Almost all pets buy viagra online are terrified by the sound of fireworks and this can be a very stressful time for dogs and cats alike.
So this Halloween you want to be walking your neighborhood looking for candy not looking for your lost pet as this will only add to the stress for all.
The unexpected and very loud noise of fireworks can frighten dogs, cats and even smaller pets.
Fearful reactions range from mild anxiety of pacing and panting to pure panic of breaking out of it’s home, habitat, or backyard.
Some pets will stop at nothing to escape in their terror, and can hurt themselves in the process.
Every year pets escape, and some are injured or lost. At peak firework times -Halloween, New Year’s Eve, Chinese New Year and Canada Day (to name a few)- you can help your pet to stay calm and stay home.
KEEP THEM SAFE
Secure anxious pets, ideally inside with you. If you won’t be home, confine your pet to a small room, enclosed area or travel crate with music or television playing.(And remember to lock your pet door.)
Now is the time to confirm that your pet’s identification is accurate. A collar with a tag allows your pet to be quickly identified. A microchip is another very effective form of ID. Remember to update your microchip registration if you’ve moved or changed phone number.
WILL MY PET BE SCARED?
Many pets are unconcerned by loud noises and cope well. If thunder makes your pet nervous, it may also be anxious about fireworks.

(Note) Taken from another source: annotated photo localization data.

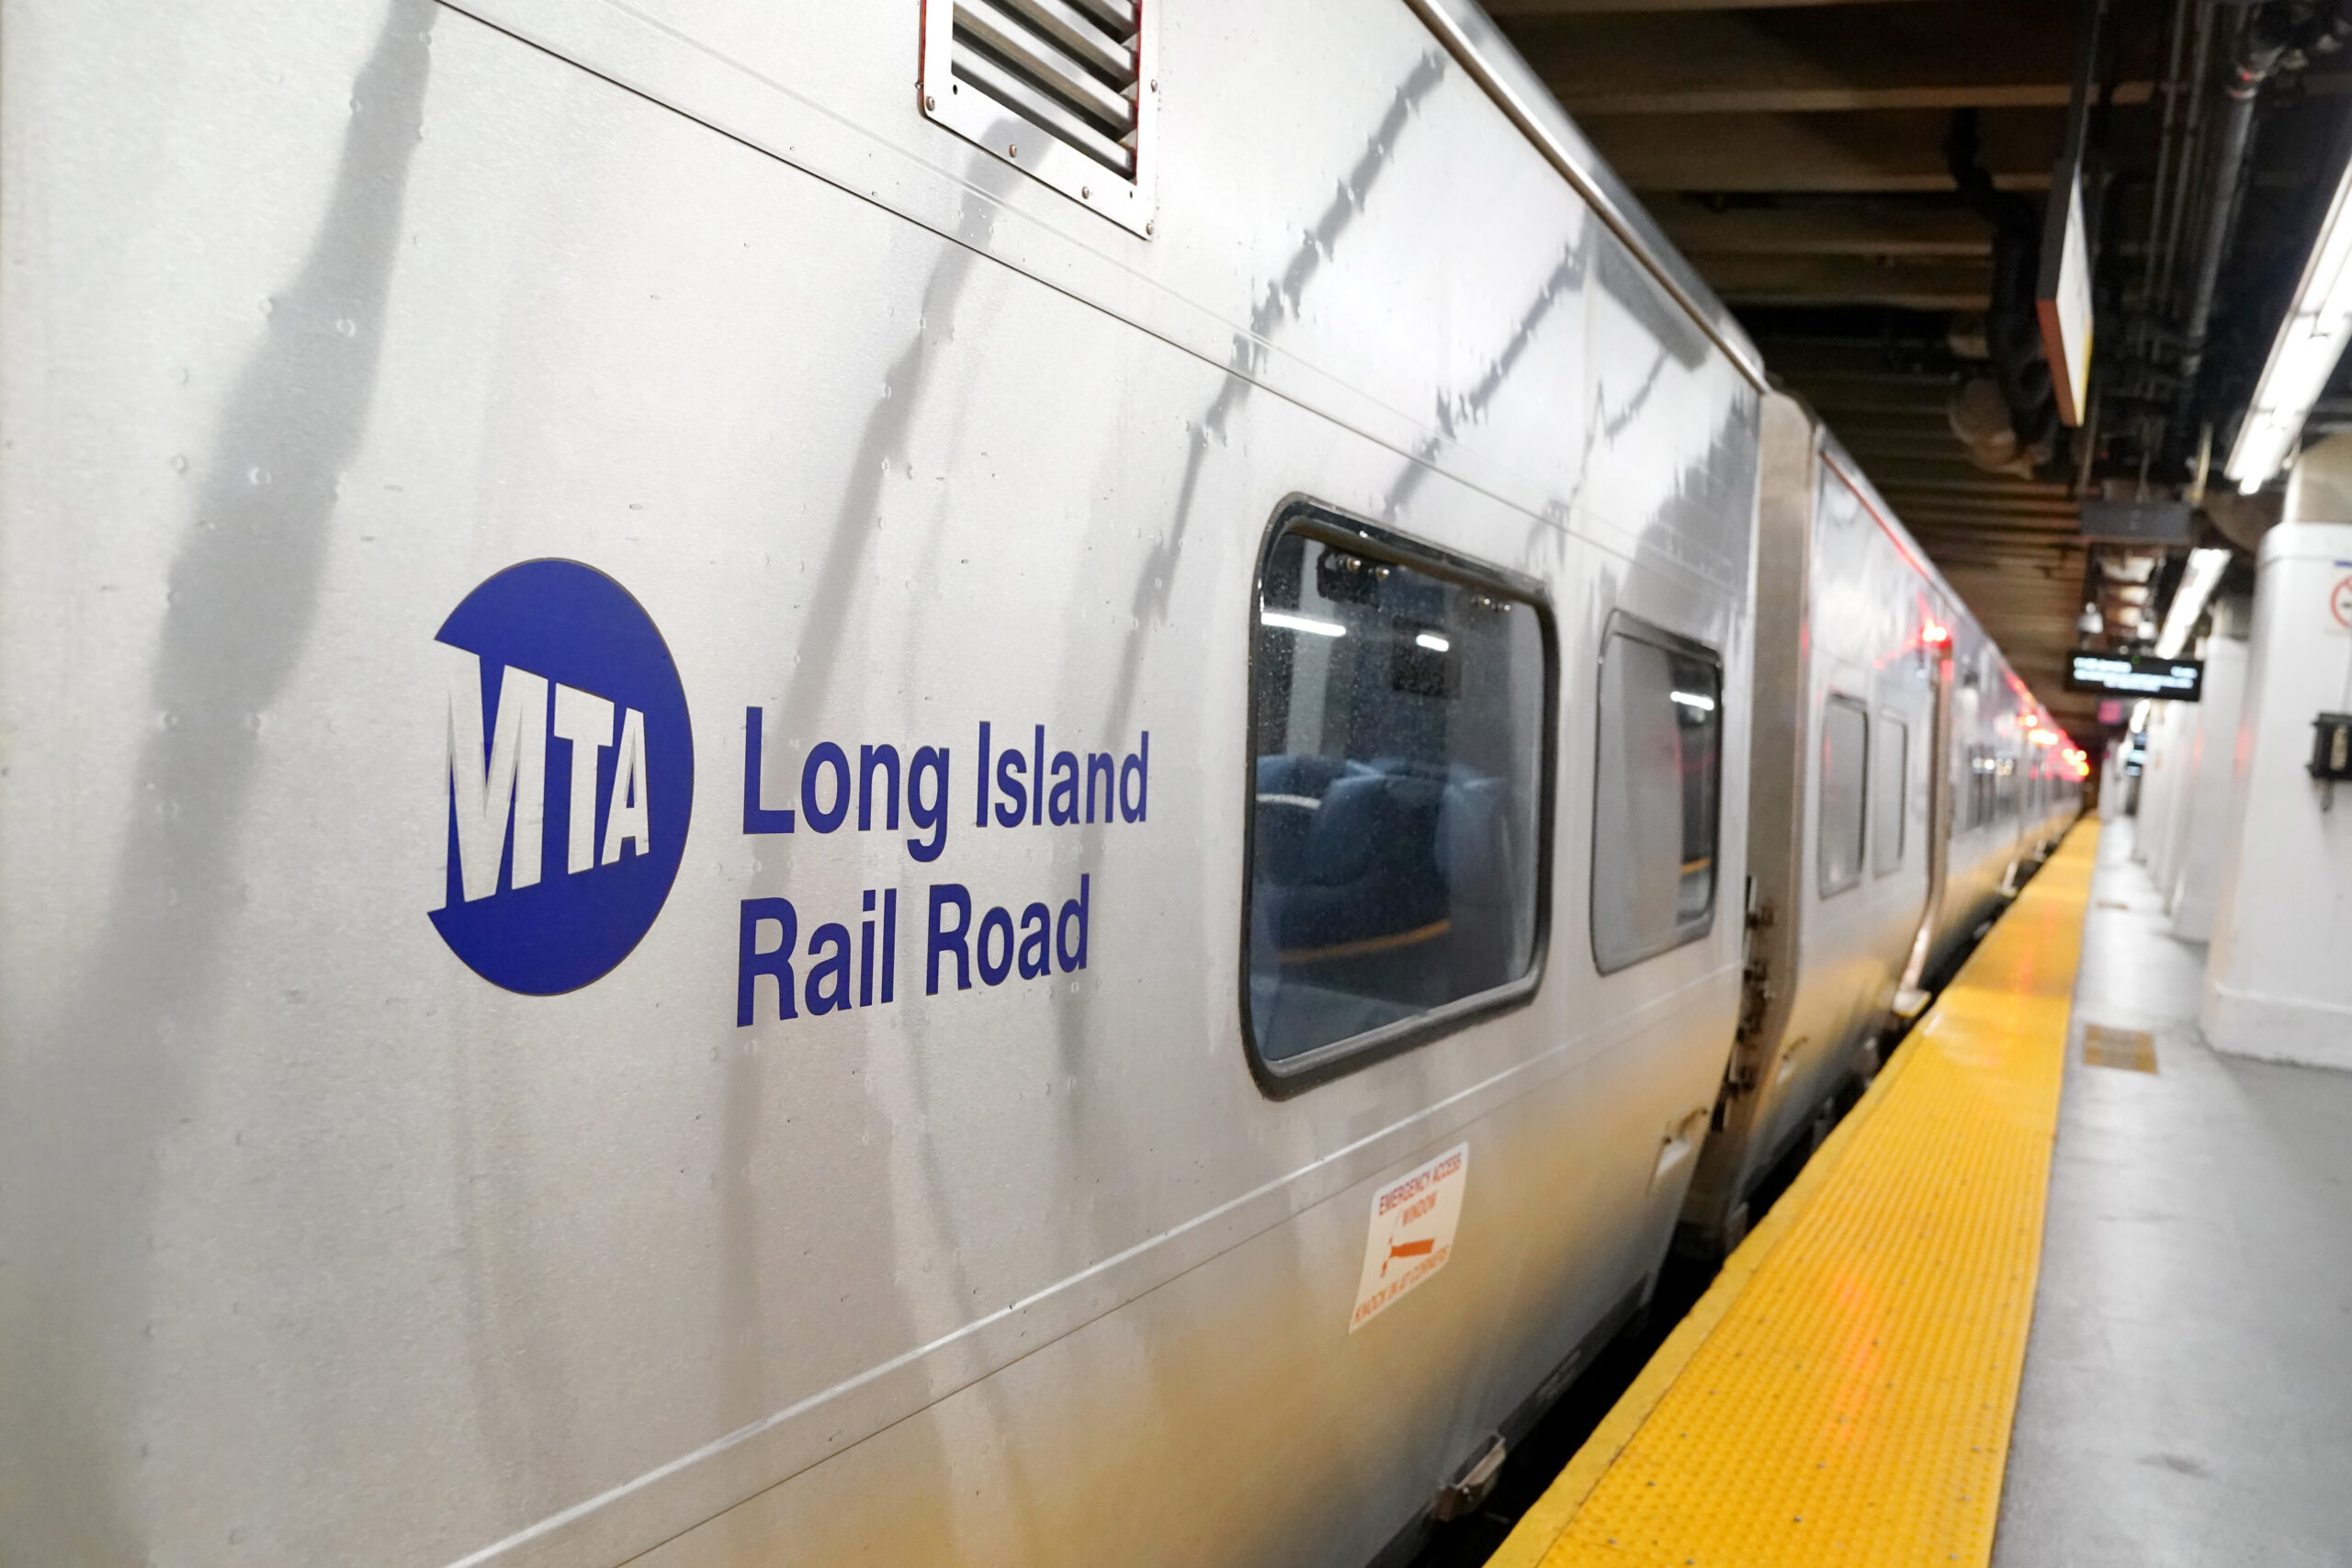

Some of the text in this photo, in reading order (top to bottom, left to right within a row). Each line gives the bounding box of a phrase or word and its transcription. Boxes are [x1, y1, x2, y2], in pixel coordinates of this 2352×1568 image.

[430, 639, 650, 913] MTA
[743, 706, 1149, 863] Long Island
[737, 874, 1091, 1027] Rail Road
[1379, 1152, 1462, 1215] EMERGENCY ACCESS
[1403, 1191, 1437, 1225] WINDOW

Although it is a natural reaction, avoid patting or comforting a frightened pet. This reinforces the behavior, and will escalate the problem over time. Reward relaxed or calm behavior instead.
Extremely fearful pets may need the help of sedatives during peak periods. For long-term relief, your pet may be trained to become less reactive to fireworks or thunder using a desensitization CD designed by veterinary behavior specialists. Your veterinarian can advise you on these options.
Losing a pet is every owner’s fear. If your pet does go missing, use these strategies to increase the chances of a reunion.
Walk, rather than drive, around your neighborhood. A frightened pet often hides and may respond to your calls.
Call your local veterinary clinics, pounds and shelters to report your lost pet. Be prepared to give a description of your pet and your contact details. Shelters can be full and busy, so visit as well as calling. Even if your first inquiry is unsuccessful, don’t give up hope and continue to check weekly.
Ask local businesses to display “Lost” posters with a detailed description of your pet together with a clear photograph. A letterbox drop or local paper advertisements are other ways to target your district.
With a little preparation, you and your pet can look forward to a happy 2011 together.
Enjoy the festive events and see you next year.